“….both Sydney and Melbourne are primed for a painful correction as soon as the domestic and foreign specufestor interest wanes….”
That raises the question of when does the interest of a specufestor wane?
If a specufestor’s interest is not really driven by fundamentals (and years of sensible commentary on Macrobusiness has demonstrated this beyond doubt) that leaves the availability of credit as the key motivating force.
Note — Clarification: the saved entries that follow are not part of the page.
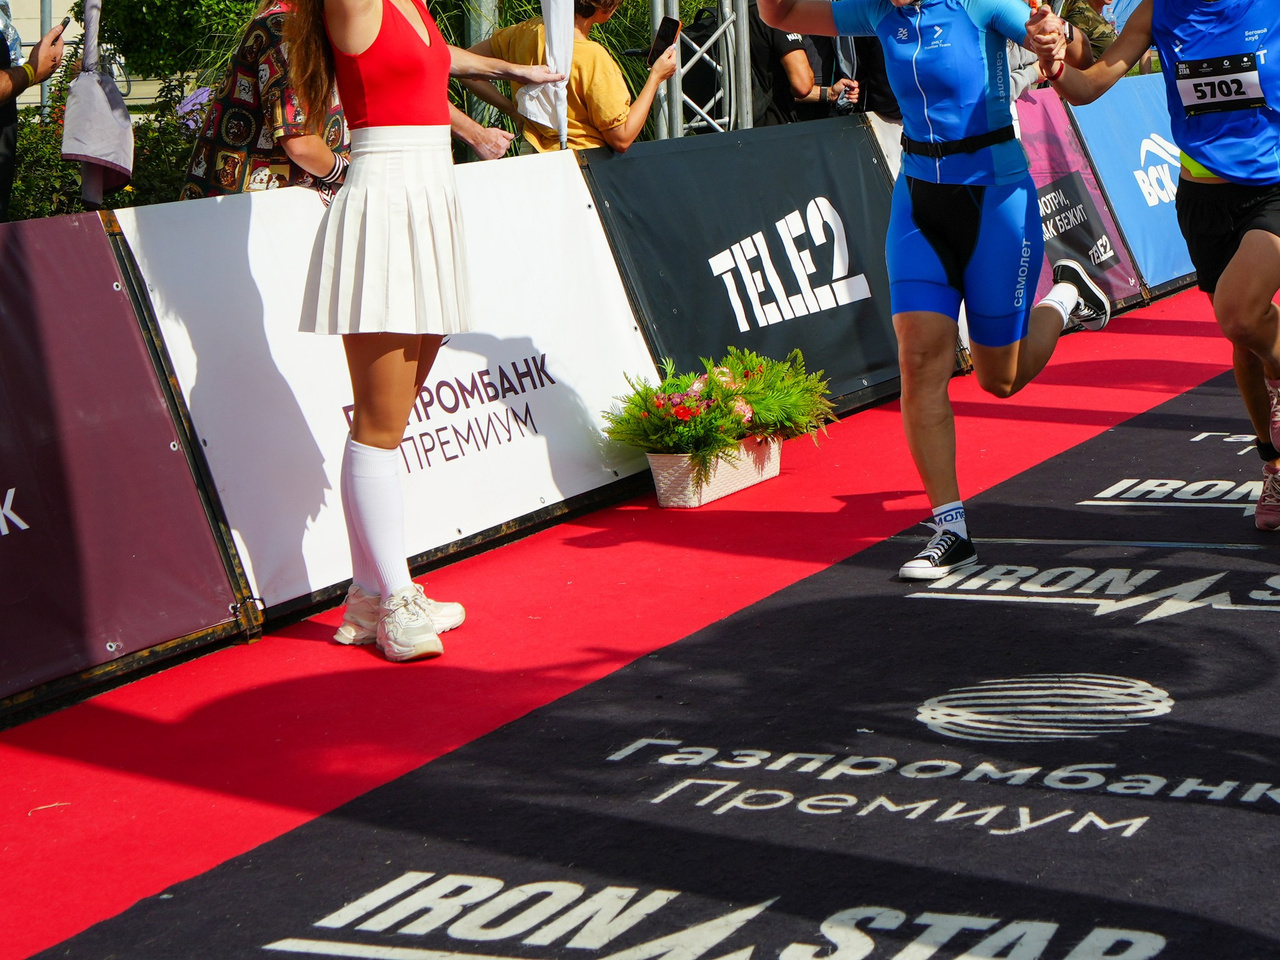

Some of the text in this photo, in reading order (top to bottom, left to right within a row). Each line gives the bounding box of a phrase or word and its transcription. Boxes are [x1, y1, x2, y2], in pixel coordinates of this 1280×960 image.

[996, 51, 1006, 104] самолет
[1192, 78, 1247, 100] 5702
[1038, 188, 1071, 218] МОТРИ,
[1133, 163, 1178, 208] ВСК
[1041, 203, 1088, 242] АК БЕЖИТ
[707, 196, 872, 333] TELE2
[1013, 237, 1032, 308] самолет
[1088, 234, 1115, 266] TELE2
[342, 352, 556, 432] ГПРОМБАНК
[400, 401, 539, 474] ПРЕМИУМ
[1094, 479, 1263, 501] IRON
[926, 565, 1161, 596] IRON
[649, 778, 1152, 838] Премиум
[314, 871, 684, 951] IRON
That suggests that their interest is unlikely to wane while they perceive that the RBA and APRA remain committed to adjusting the price of credit downwards and facilitating its supply.
In other words, specufestors are chasing capital gains and they see those as mostly the product of the amount of credit available to be pumped into the asset class.
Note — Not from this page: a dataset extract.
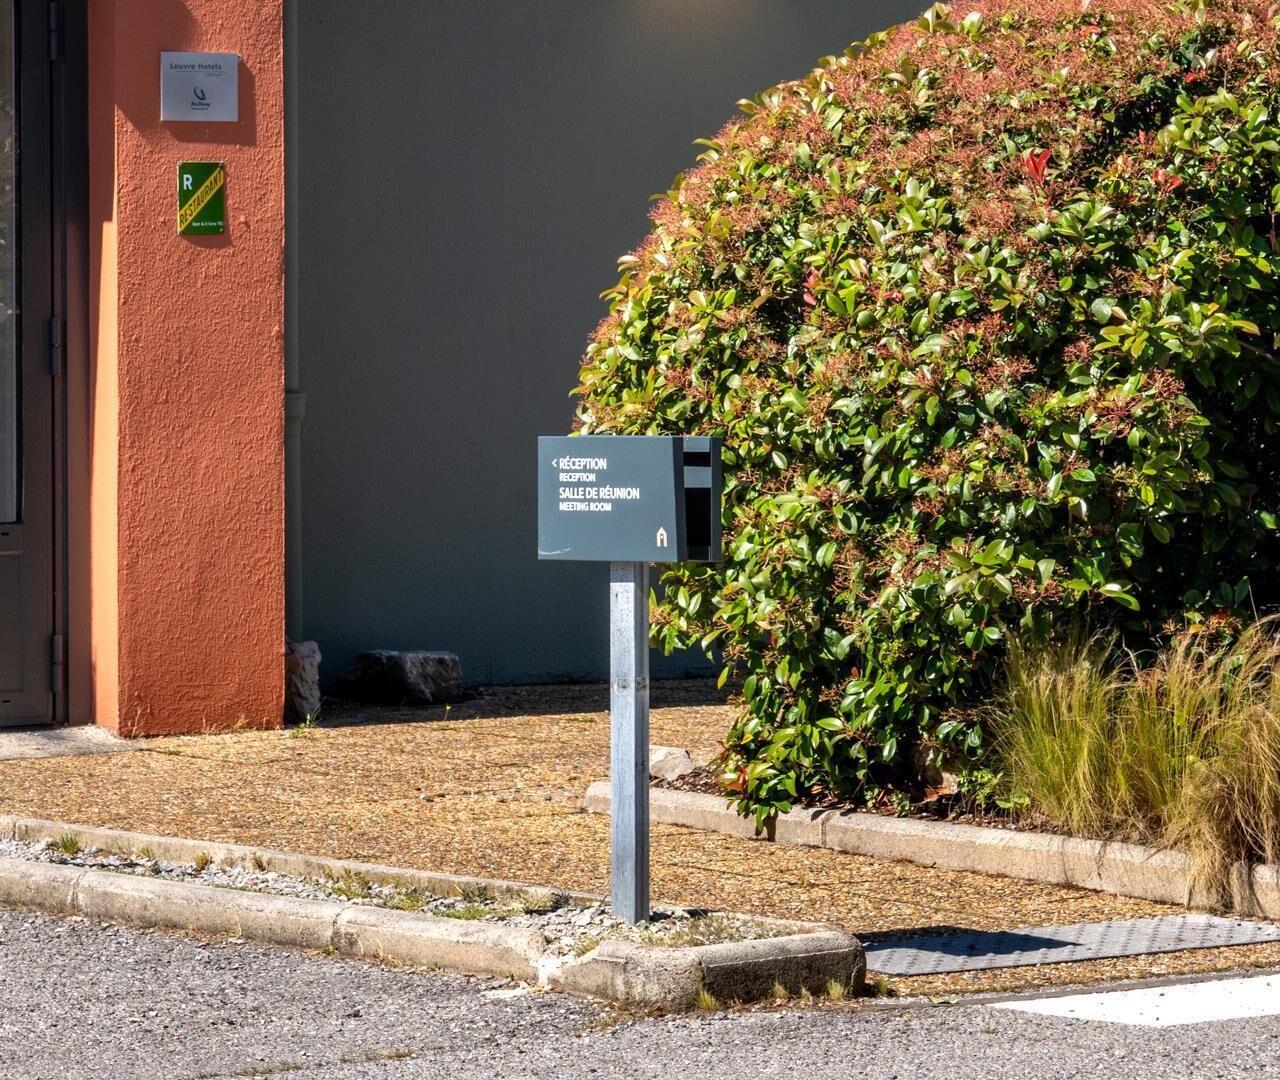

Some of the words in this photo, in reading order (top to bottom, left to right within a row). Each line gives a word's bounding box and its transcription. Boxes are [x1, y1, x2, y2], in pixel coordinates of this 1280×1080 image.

Therefore specufestors are mostly the creation of and directed by the RBA and APRA – and other issues relating to fundamentals (yield, negative gearing, population ponzi, land planning, tax) are important but secondary when they are drowned out by the intensity of the ‘credit’ price and credit supply signalling from the RBA and APRA to the specufestors.
The RBA and APRA have made it clear they do not believe monetary policy is spent AND they have said nothing that suggests that they believe a reliance on monetary policy (and debt-onomics) is now unwise and should be reconsidered. Nor have ANY members of the political class said anything that questions the role, charter and approach of RBA and APRA and the overall reliance on monetary policy (and household debt) as a tool of economic management.
That means they all remain firm believers in the “Debt Machine” model of economic management and the RBA and APRA remain the puppet masters of the specufestors and the bubble prices that result from their activities.
While the RBA and APRA are holding their strings steady at the moment and allowing their ‘toys’ to rest they have given no indications they intend to draw the curtain on the performance.
Plus it is still only a very small minority that are calling for the RBA and APRA string pulling powers to be heavily restricted or removed (no more debt driven asset price pumping). Most are still calling for their powers (ZIRP) to be encouraged (more rate cuts please sir) perhaps with a bit more direction as to which puppets get to dance.
So we should not assume it is the right time to clap.
Take a bow RBA and APRA you own this mess.
Take a bow the political class and the mainstream economic commentary you are not doing your job!